The accounts, which this author gives of the conscription in France, is enough to rend a heart of stone. For parents to see their sons thus dragged to butchery, is a wretchedness, which exceeds all description. But it would exceed my limits to detail the particulars. "Here then (says M. Faber, after describing the conscription, and showing that men of all ages in France are soldiers at command) is the appalling spectacle of a whole nation, the most populous, enterprising and ambitious of Europe, formed into one military mass.The levy en masse, attempted in the revolution, is now calmly and systematically organized, and grafted permanently on social institutions, industriously shaped, so, as to give it stability; and is made to embrace all conditions and all periods of life, from childhood to old age. A whole people with all their resources, both physical and intellectual, is thus transformed into an instrument of destruction. All France is, in the hands of Bonaparte, but an engine for the subjugation of the world; and one which he wields with the most arbitrary and absolute authority. So it is, by some incomprehensible fatality, that so great a part of the continent of Europe is prostrate before an individual; who nevertheless, is held in universal execration."

SECTION VIII.

Some other causes, which facilitate the spread of Infidelity in our nation, considered.
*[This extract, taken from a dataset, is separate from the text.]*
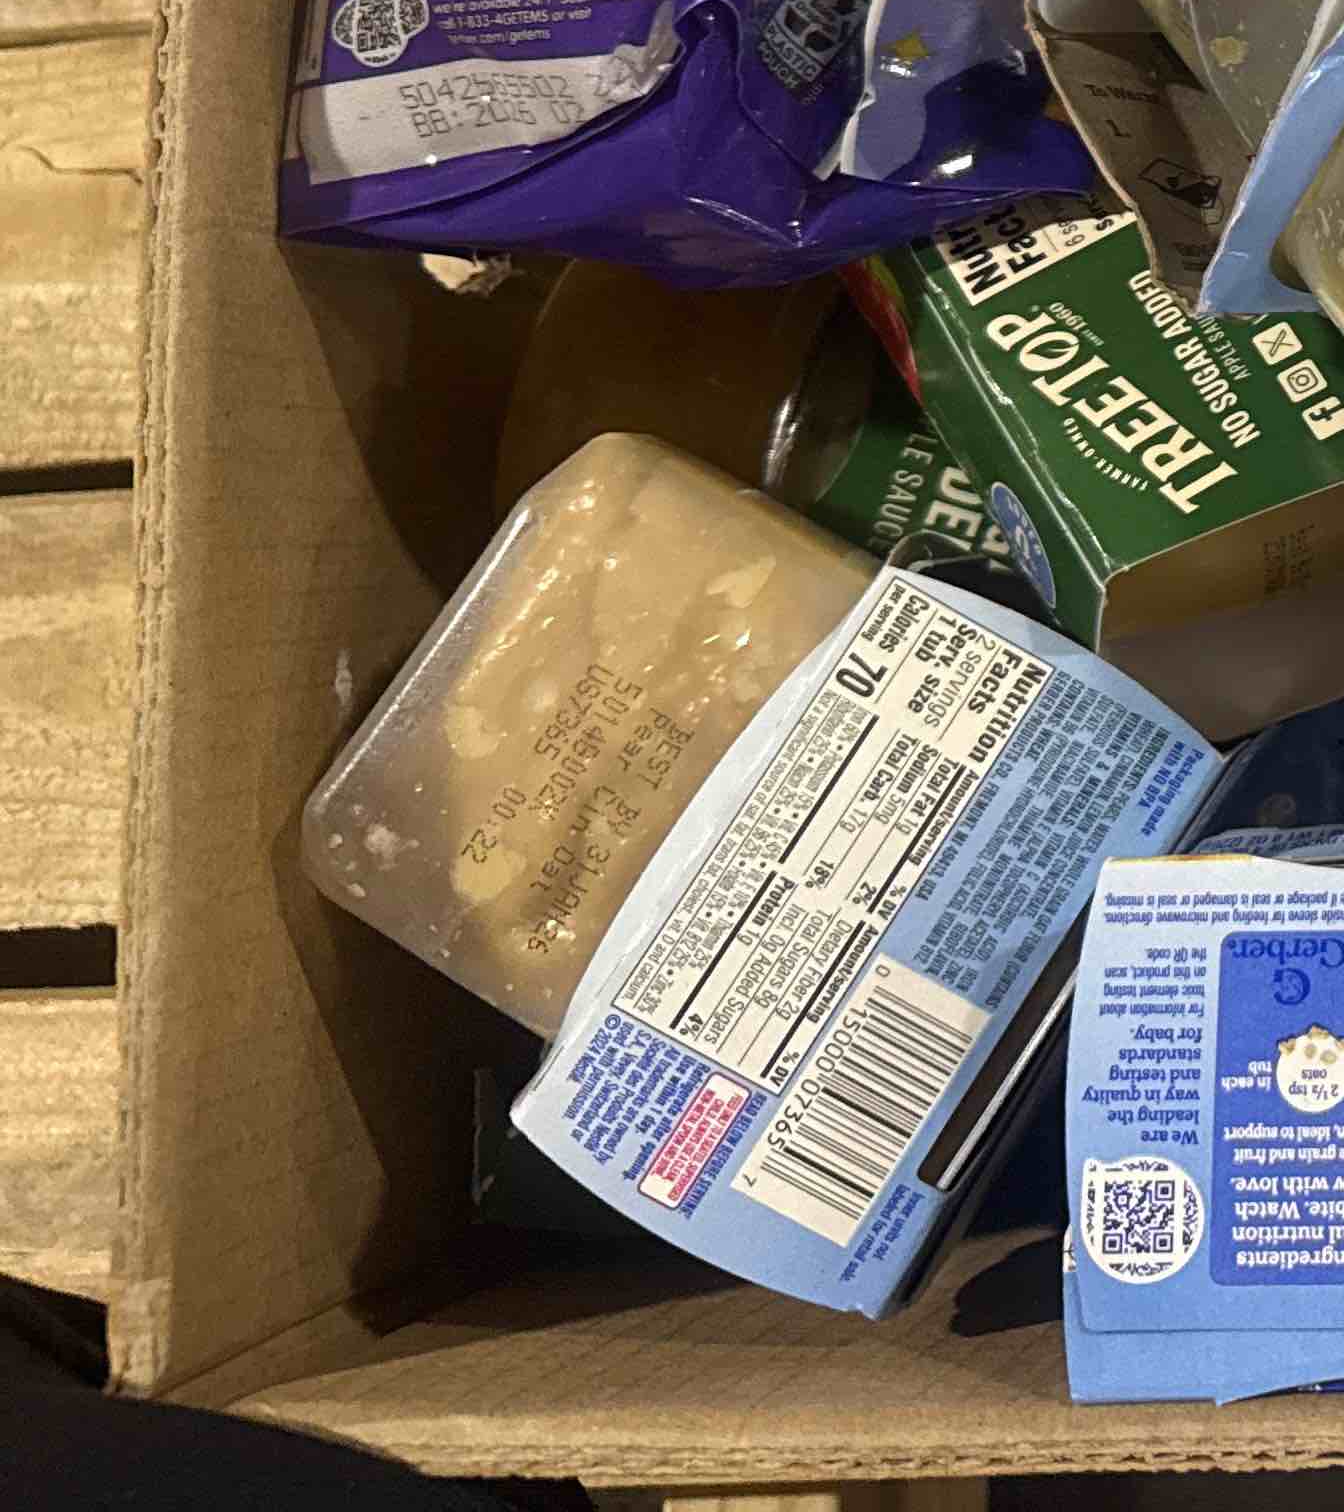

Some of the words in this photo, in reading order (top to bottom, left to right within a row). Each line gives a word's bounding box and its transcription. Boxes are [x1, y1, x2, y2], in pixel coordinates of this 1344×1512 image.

THE American revolutionary war was on our part just and necessary. And the revolution, which gave the Americans a national existence, was among the great events of Providence, which were to prepare the way for the millennial glory of the Church. Yet such is human nature, that this event was attended with sad consequences to our morals. Antecedently to that war, and especially before the war of 1755, the people of this land, particularly of New England, were fa

« PreviousContinue »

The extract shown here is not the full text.